Canyon Springs High School freshman Tyler Breeden said her health class was taught in a theater, and her English class only recently got a permanent teacher; when it didn’t have a substitute for the day, hers and other teacherless classes were sent to the gym for the period. Large classes “become impossible to learn in,” she said.

Kathia Sotelo, the youth justice organizer for the civic and social justice organization Make the Road Nevada, said students were tired of being ignored when they offered the district real solutions to violence, including smaller class sizes.

“Having 50 students in one classroom causes a rise in tension,” Sotelo said. “The teachers aren’t teaching anymore, they’re just trying to control a classroom.”

In fall 2019, before a pandemic-accelerated surge in teacher turnover, honors U.S. history at Centennial High School had, on average, 38 students per section, according to district enrollment data. The typical 10th-grade English class at Coronado High School or eighth-grade social studies class at Hyde Park Middle School: 31 students. Seventh-grade science at Sedway Middle: 35 children. Algebra at Bob Miller Middle: 42.

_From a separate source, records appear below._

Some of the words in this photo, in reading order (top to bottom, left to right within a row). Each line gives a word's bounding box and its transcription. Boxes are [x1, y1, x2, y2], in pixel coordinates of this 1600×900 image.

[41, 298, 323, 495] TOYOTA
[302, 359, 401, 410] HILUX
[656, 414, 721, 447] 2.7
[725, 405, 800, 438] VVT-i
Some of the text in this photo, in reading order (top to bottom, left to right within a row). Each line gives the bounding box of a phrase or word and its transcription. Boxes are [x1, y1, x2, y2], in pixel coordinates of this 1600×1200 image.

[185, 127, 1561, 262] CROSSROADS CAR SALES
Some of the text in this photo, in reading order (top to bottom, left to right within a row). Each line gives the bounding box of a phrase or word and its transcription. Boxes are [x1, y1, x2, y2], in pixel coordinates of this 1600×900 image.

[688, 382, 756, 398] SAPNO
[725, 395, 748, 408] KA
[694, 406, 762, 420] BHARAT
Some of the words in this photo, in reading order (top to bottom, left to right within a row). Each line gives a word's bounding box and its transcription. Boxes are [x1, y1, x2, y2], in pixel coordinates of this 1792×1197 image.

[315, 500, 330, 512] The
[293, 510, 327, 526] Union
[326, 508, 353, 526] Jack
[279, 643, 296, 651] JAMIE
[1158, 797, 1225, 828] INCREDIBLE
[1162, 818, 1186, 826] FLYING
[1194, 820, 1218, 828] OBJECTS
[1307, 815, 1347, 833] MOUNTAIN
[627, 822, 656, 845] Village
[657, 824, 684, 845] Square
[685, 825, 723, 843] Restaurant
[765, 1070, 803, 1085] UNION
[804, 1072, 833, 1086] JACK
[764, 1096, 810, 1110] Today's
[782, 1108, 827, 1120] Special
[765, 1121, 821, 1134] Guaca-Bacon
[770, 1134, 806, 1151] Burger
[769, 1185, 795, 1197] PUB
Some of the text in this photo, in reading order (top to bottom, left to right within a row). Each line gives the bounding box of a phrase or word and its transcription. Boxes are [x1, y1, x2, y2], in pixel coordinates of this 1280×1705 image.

Electives and career and technical education classes can be even bigger. Chaparral High’s beginning auto shop class had 44 students. Tarkanian Middle choir classes had between 33 and 57.

A 2019 state law requires some elementary school class sizes be reduced to under 20, but only for general education kindergartners through third-graders — and the law allows “variances” for schools unable to meet the demands of student-teacher ratios of 18:1 for third-graders and 16:1 for the youngest children.

For the second quarter of this school year, 223 of CCSD’s 228 elementary schools received a variance, according to the Nevada Department of Education. About a dozen of these schools reported grades with at least 30 children per teacher. On average, classes are three to five students over the suggested limit.

Between 2019-20 and 2020-21, Nevada lost the largest share of its public school teacher workforce of any state in the nation, the National Education Association said — some 6%.

The exits aren’t slowing down. According to local research analytics company Data Insight Partners, which tracks CCSD data, about 1,700 teachers had submitted notices of separation this school year through April. A little more than 1,600 teachers leave the district in a typical, full school year, which runs through July, the firm said.

Edgar, the middle school teacher, said pay was too low, health benefits too poor, classes too big and the “burden” of possibly wearing a panic button — a district response to the Eldorado attack — too offensive to make teaching in CCSD attractive.

“Until this administration places a priority on lowering class sizes and increasing teacher retention, this crisis will continue,” she said.